I love maps. When I was 13, I asked for a ridiculously large atlas for my Bar Mitzvah, instead of a bike or Nintendo 64, like most other boys would. Now I spend countless hours pouring over satellite images identifying points of interest, drawing lines for possible routes to them, and then attempting to visit them later. If I was able to get to the identified points, and there was indeed something interesting there, such as a waterfall or lake, then I plot the coordinates, draw hiking maps to them, and share what I've learned with the world. That's how I discovered most of the places that I've published on this website. (
I'm always looking for new satellite photos and new maps that can help me in my quest. Therefore got quite excited when Fitness-Tracker Strava's Heat Map started circulating in the news for allegedly revealing secret places. Over the weekend it was discovered that the map apparently shows the locations of US military bases around the world. This phenomenon seems to have affected Taiwan as well, but this is not the kind of hard-to-get information that I am looking for. What this map also shows, is the hiking and river tracing routes of millions of explorers around the world.

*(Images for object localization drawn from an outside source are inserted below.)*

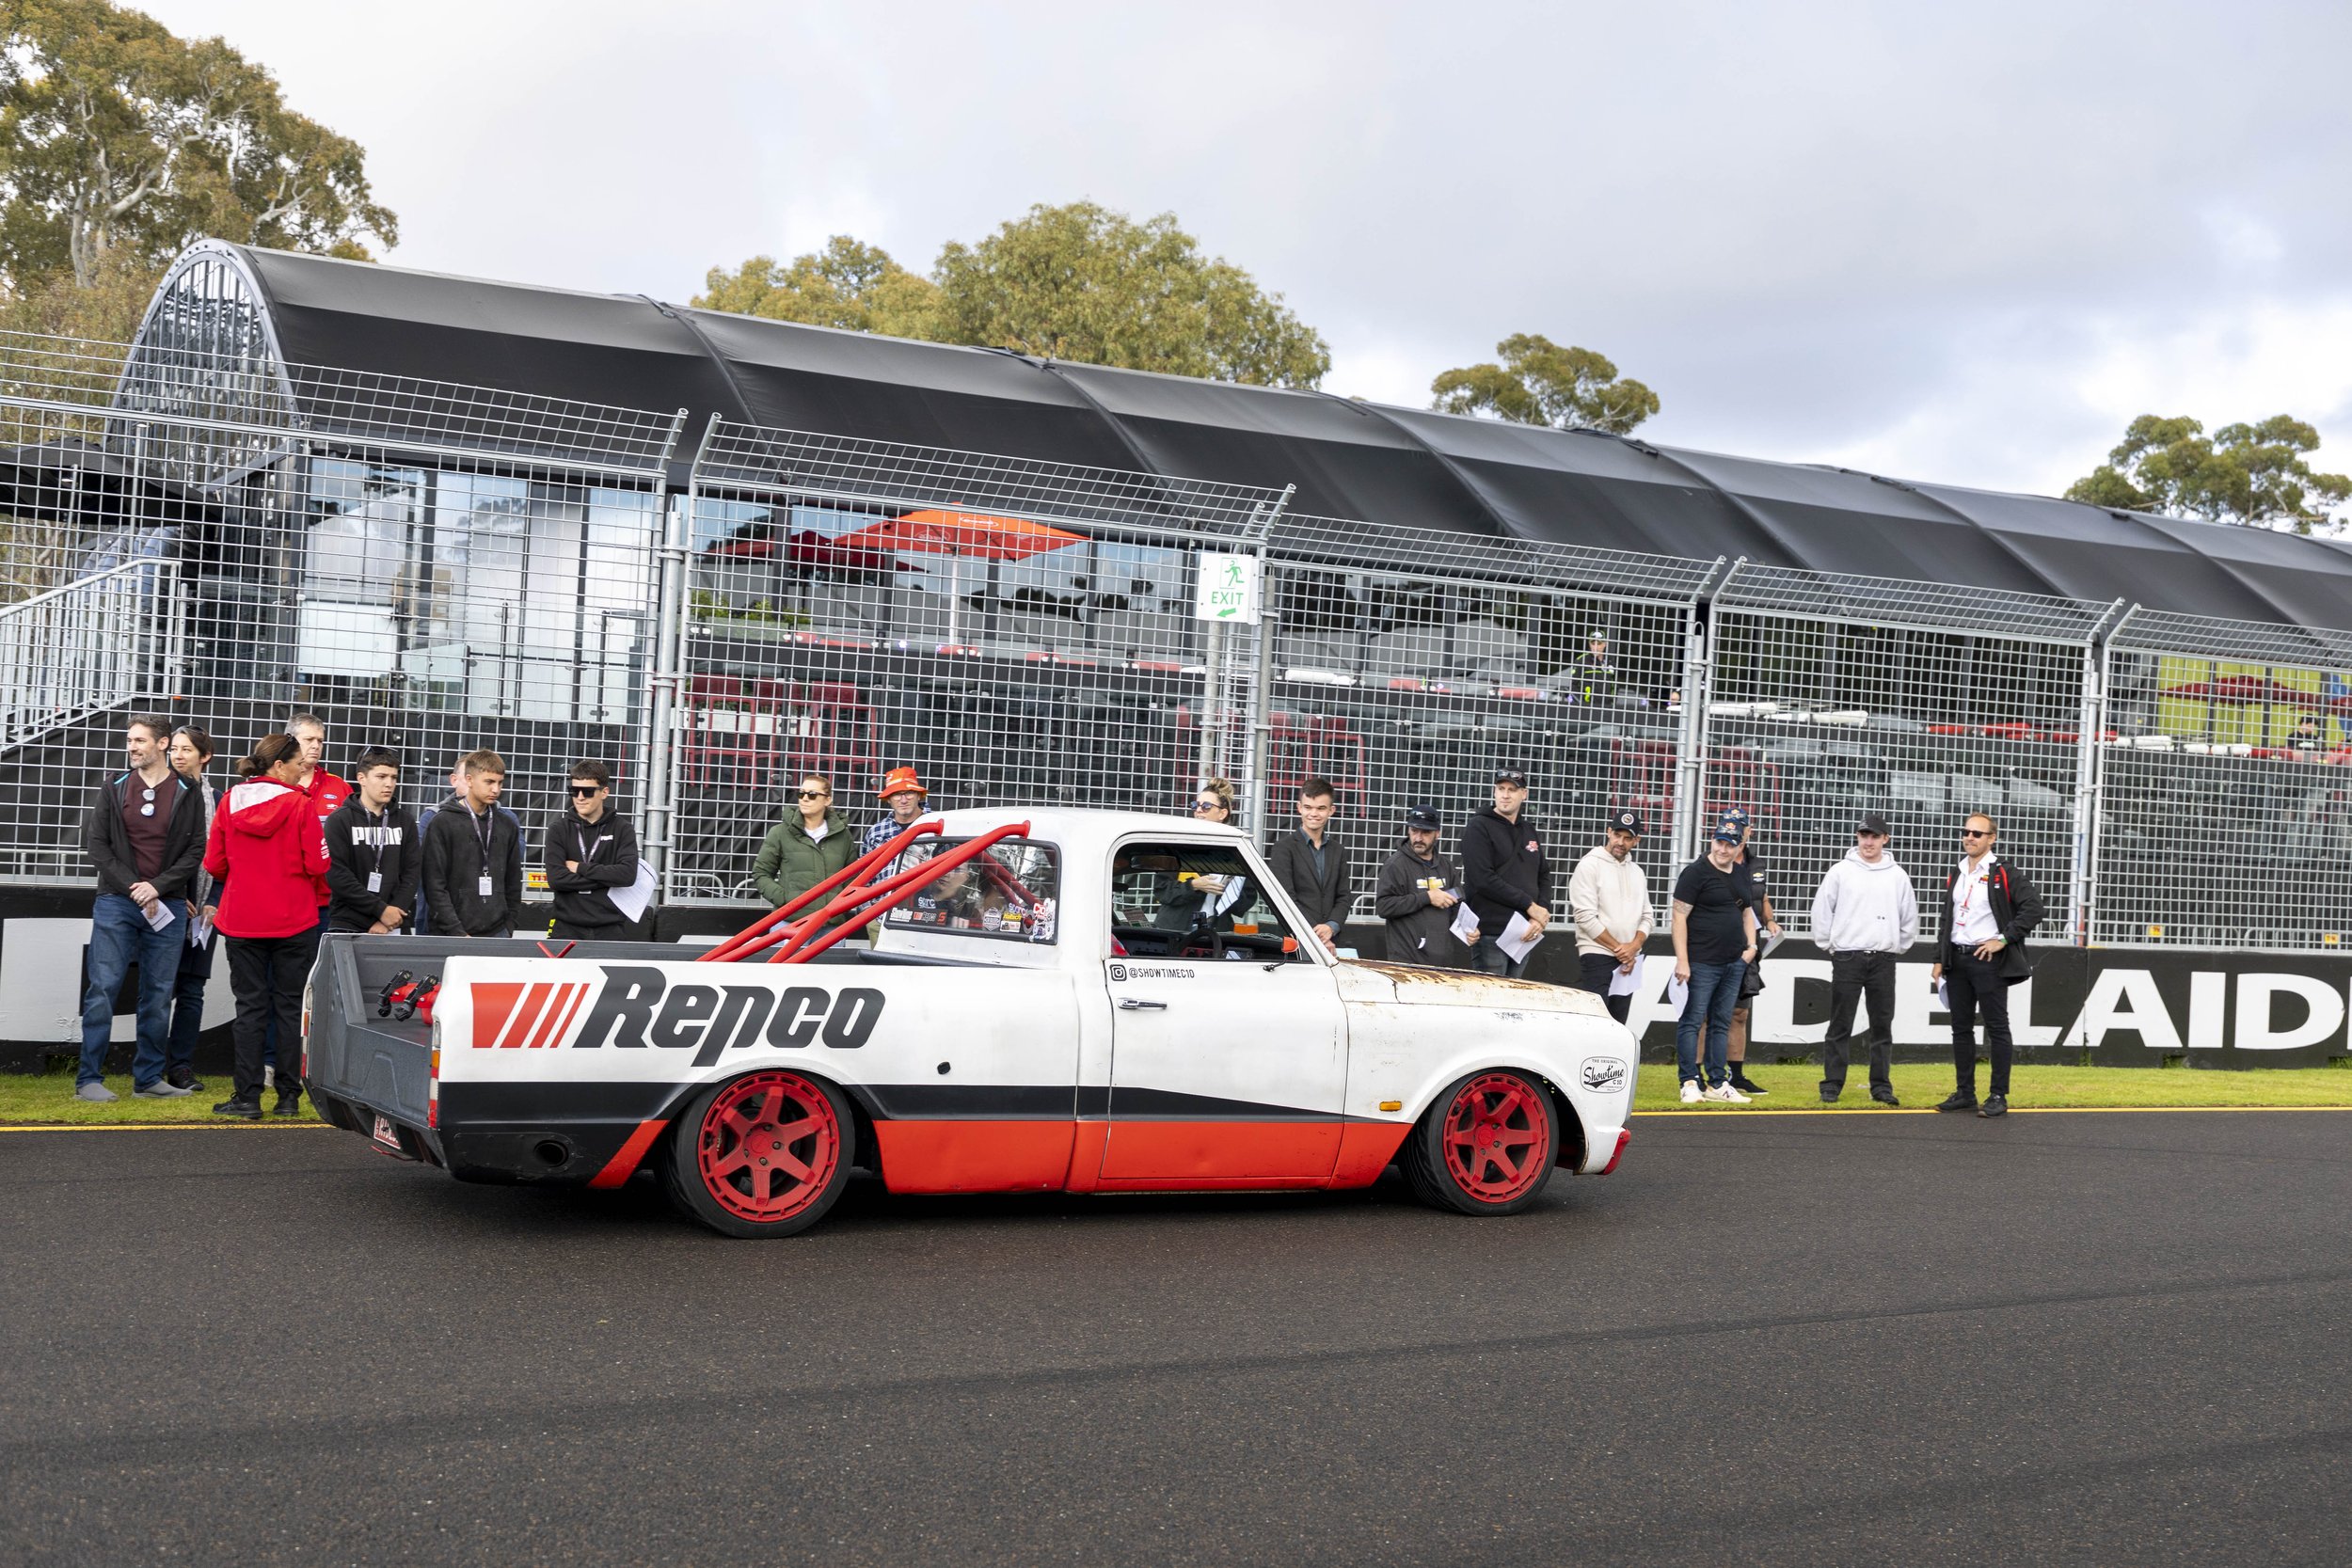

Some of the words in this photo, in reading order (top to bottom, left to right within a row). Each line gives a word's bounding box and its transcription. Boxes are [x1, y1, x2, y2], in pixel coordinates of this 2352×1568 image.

[1212, 592, 1244, 605] EXIT
[352, 827, 403, 845] PUMA
[1128, 967, 1195, 979] @SHOWTIMEC10
[1625, 955, 2352, 1050] ADELAID
[572, 966, 885, 1067] Repco
[1583, 1065, 1624, 1085] Showtime

There is a limitation to mapped data. Trails only show up on maps if they are significant enough for the mappers to notice them. Unnamed places won't be added because mapped items need names, and maps need to constantly updated because the mountains and rivers are always changing.
Hike maps might not be up to date, the trails on them might not exist anymore. Strava's map is different though. This data is from real human movements, and it's recent. We can study this data and find new hiking trails and points of interest what we didn't know of before. Unofficial trails that don't make it onto official maps. We can use this new information to plan our own outdoor trips around the island.
There is so much data here that it could take months to analyze, but from just a quick glance, here are a few tracks that caught my eyes:
The first thing I noticed is that there are many ways to cross Taiwan. Between the Central Southern Cross highways there are no roads, yet we see many lines going east to west. This confirms that these hiking routes aren't just lines on your trail map, people are actually using them.
That the Southern Cross Highway shows up at all is interesting, even though it isn't surprising. Many more tracks appear on the dirt roads through the forest (adventurers circumnavigating the roadblock) than the first section past Meishan (park service and construction workers). Interestingly though, most of these people don't go all the way through to Taitung. Most of the west-side traffic turns around when they reach Yakou tunnel, with a few hikers stopping to go to Guanshan, and some continuing all the way through Nan Yi Duan. On the east side, we can see that Jiaming hu is very popular.
There is even interesting information to be gathered in popular destinations like Kenting. Here we see snorkelers at Nixon Rock. That boat ride you pay for is going to be painfully predictable. And if you want to go snorkeling at Baisha, the coral is on the southern side of the beach. This type of information isn't just useful for traveling in Taiwan, but also for your overseas trips to the Philippines and other snorkeling hot spots.
Some routes are less obvious though. At those amazing cliffs that everyone stops and and wonders how to get down? There is a path on the southern side.
What's up this river in Taitung though? Could there be a nice waterfall there?
And why is everyone swimming here? What makes that place special? Are these the best spots for surfing?
Why did these people go up the river before Hayouxi Hot Spring? Were they hunters? Or is there something up there worth visiting? I have some waterfalls marked up there, could they be visiting those? That seems possible for the more popular first point. But that trip would have taken days. Is there another hot spring?
I don't know, but I'd like to find out. I'm happy to have another tool for finding new secret spots. I'd like to thank everyone who uploaded their tracks for the help. While this is all good fun and games for exploring nature, where public sharing of information benefits everyone. This isn't the case for all fields though. If you work in the military, now may be a good time to check your privacy settings, or maybe uninstall your fitness trackers entirely.
For hikers, outdoor enthusiasts, thank you for sharing. We now know where obscure places to hike, swim, and snorkel almost everywhere in the world. This is an invaluable tool for adventure travel enthusiasts, backpackers, and independent travelers.